DATA TO PROCESS:
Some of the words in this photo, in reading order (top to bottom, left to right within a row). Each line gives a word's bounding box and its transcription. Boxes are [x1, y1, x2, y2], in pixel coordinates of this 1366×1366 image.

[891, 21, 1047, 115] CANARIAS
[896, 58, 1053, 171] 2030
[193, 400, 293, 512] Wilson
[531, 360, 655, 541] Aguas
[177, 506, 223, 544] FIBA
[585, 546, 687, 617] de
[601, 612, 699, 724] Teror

* * *

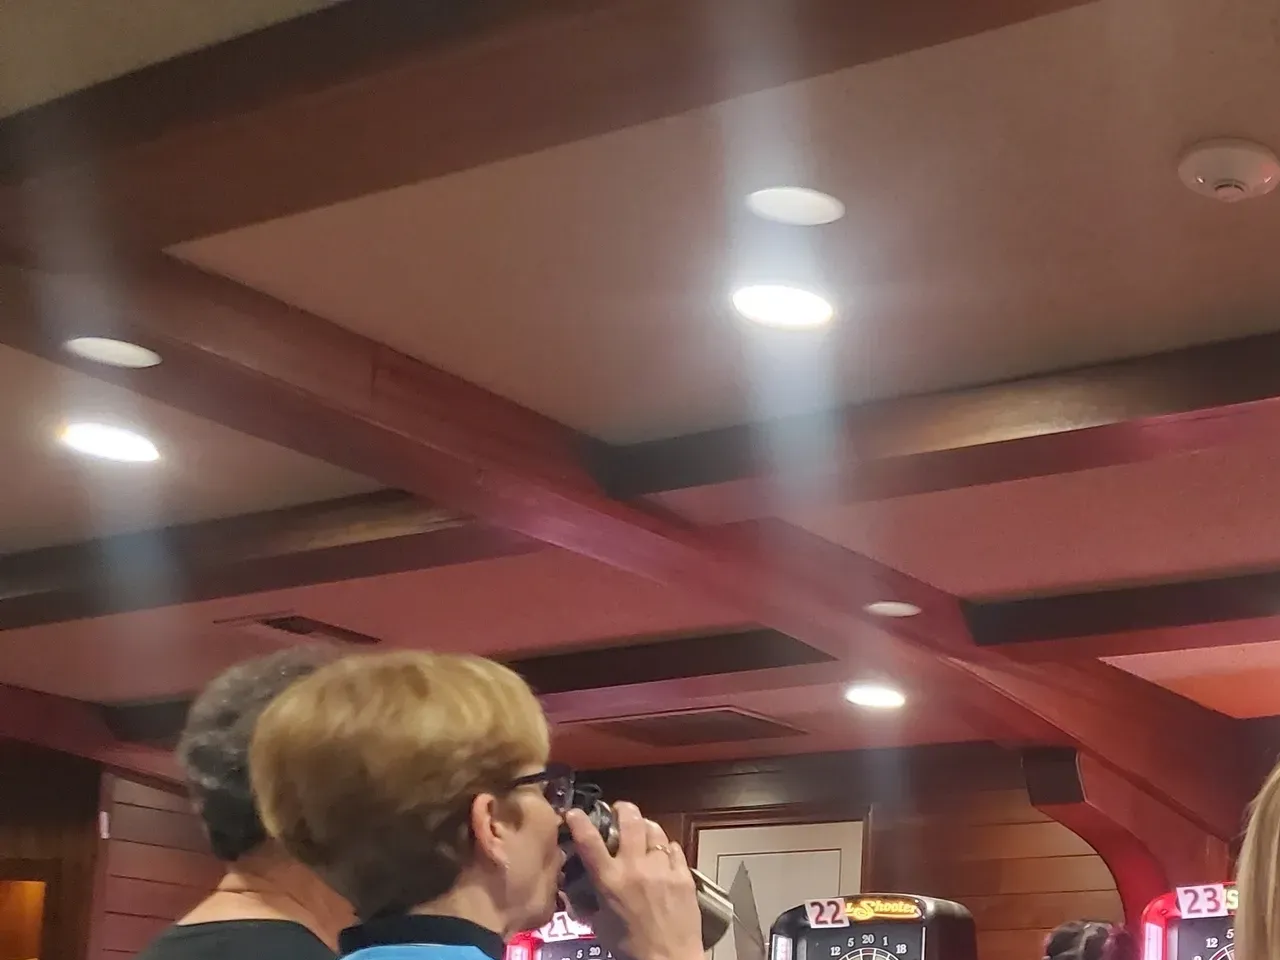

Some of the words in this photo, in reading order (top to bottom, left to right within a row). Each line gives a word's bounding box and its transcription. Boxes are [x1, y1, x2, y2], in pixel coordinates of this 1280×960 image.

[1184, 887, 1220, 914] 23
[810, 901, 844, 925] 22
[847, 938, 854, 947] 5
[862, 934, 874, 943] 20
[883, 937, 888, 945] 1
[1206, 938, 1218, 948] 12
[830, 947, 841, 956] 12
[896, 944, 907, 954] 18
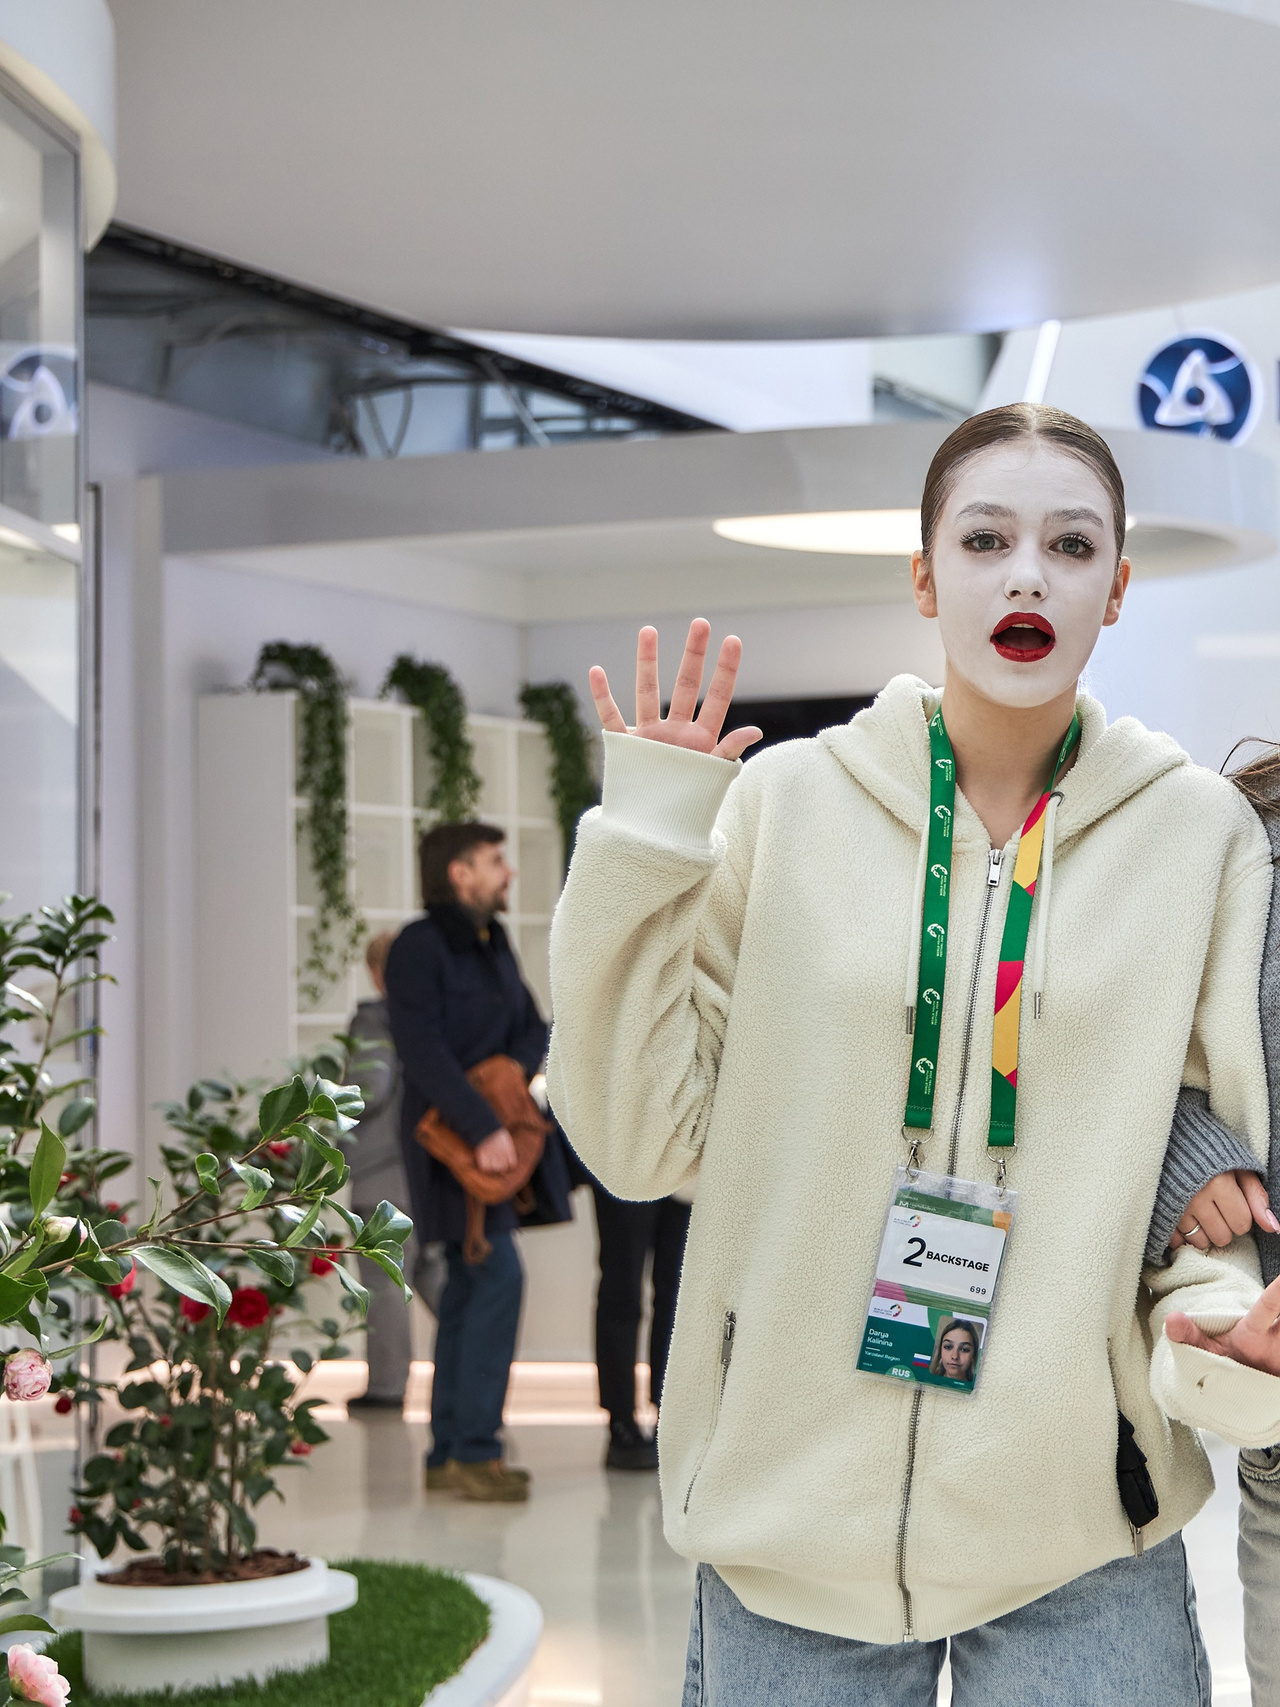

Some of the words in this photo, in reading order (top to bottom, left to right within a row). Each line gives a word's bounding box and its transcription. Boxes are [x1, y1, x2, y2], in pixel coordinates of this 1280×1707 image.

WHAT TO DO:
In the material above, which lines fall between the one holding "this 1280×960 image." and the one holding "this 1280×1707 image.", inclusive? Print exactly those, with the pictures left out.

REPLY:
Some of the words in this photo, in reading order (top to bottom, left to right within a row). Each line gives a word's bounding box and its transcription. Boxes are [x1, y1, x2, y2], in pixel coordinates of this 1280×960 image.

[1184, 887, 1220, 914] 23
[810, 901, 844, 925] 22
[847, 938, 854, 947] 5
[862, 934, 874, 943] 20
[883, 937, 888, 945] 1
[1206, 938, 1218, 948] 12
[830, 947, 841, 956] 12
[896, 944, 907, 954] 18

Some of the words in this photo, in reading order (top to bottom, left to right within a row). Each line gives a word's bounding box and its transcription. Boxes are [x1, y1, x2, y2], in pixel coordinates of this 1280×1707 image.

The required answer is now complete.